Required work: Output all of the records word for word and drop the images.

Material for the task START

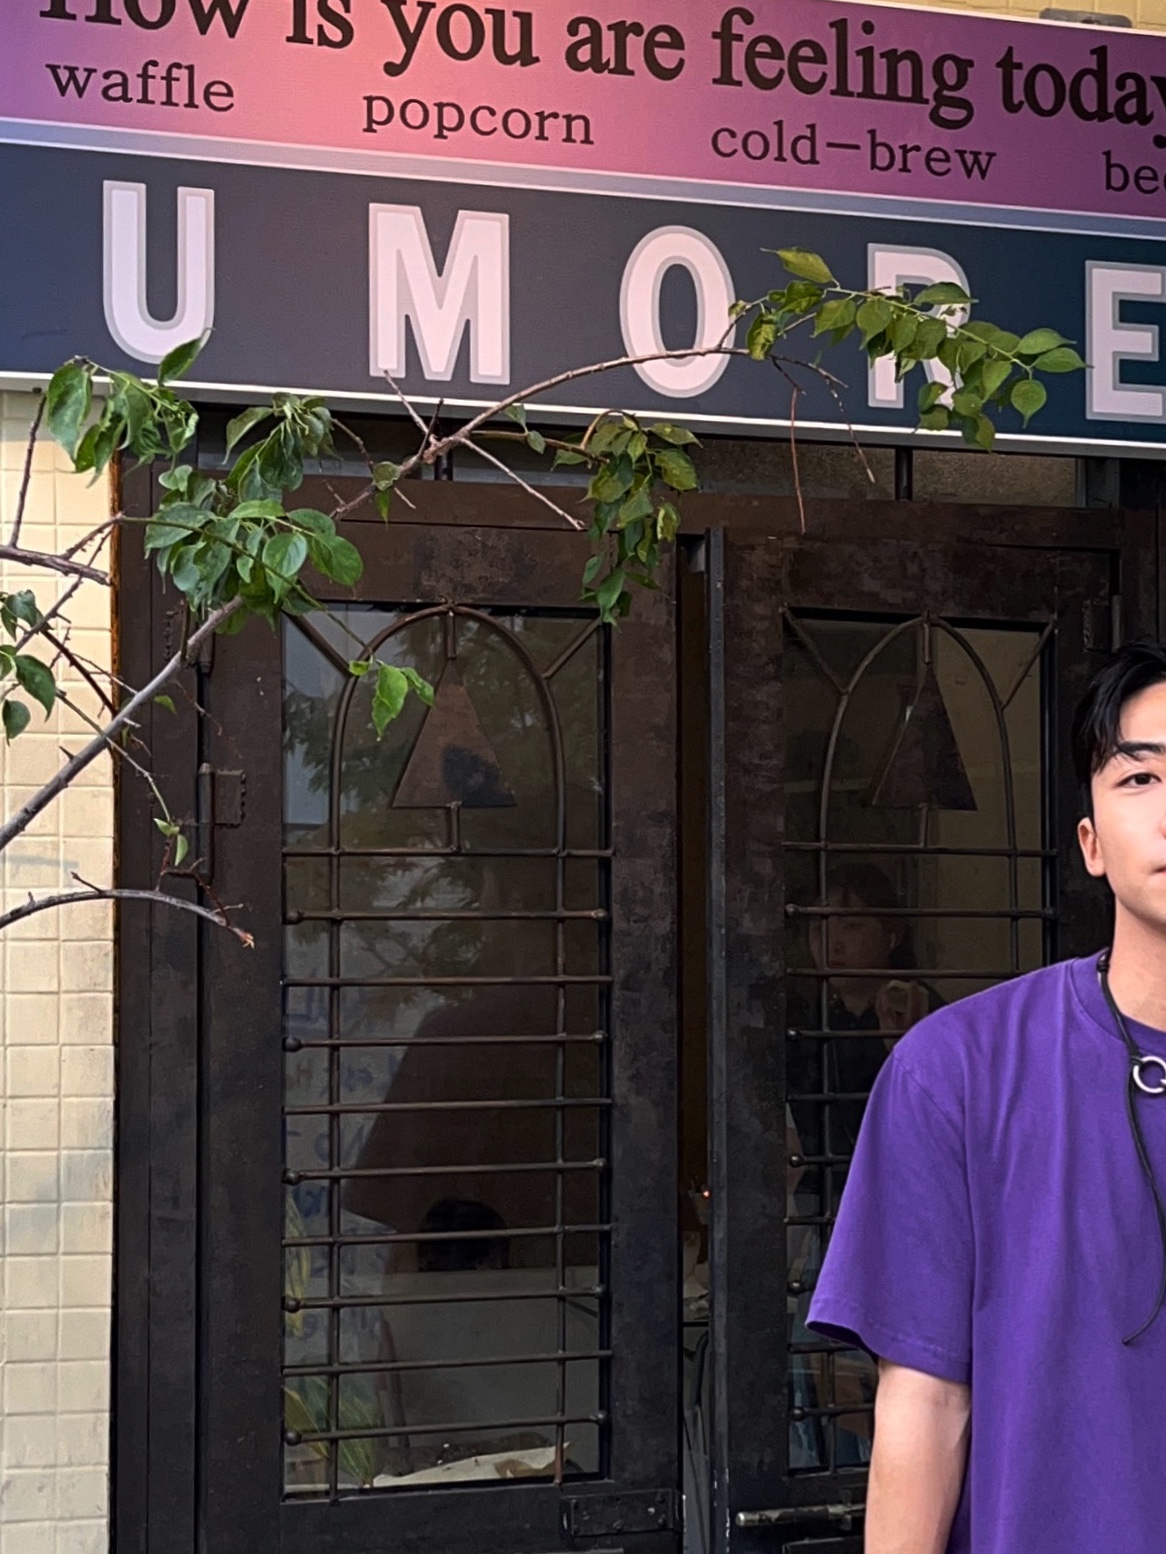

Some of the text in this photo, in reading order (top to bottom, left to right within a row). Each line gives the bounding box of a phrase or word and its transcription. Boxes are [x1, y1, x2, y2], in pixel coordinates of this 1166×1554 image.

[44, 58, 236, 112] waffle
[362, 94, 595, 146] popcorn
[711, 118, 998, 182] cold-brew
[381, 0, 541, 78] you
[564, 15, 686, 82] are
[711, 6, 977, 131] feeling

Material for the task END

Exercise result:
Some of the text in this photo, in reading order (top to bottom, left to right within a row). Each line gives the bounding box of a phrase or word and its transcription. Boxes are [x1, y1, x2, y2], in pixel coordinates of this 1166×1554 image.

[44, 58, 236, 112] waffle
[362, 94, 595, 146] popcorn
[711, 118, 998, 182] cold-brew
[381, 0, 541, 78] you
[564, 15, 686, 82] are
[711, 6, 977, 131] feeling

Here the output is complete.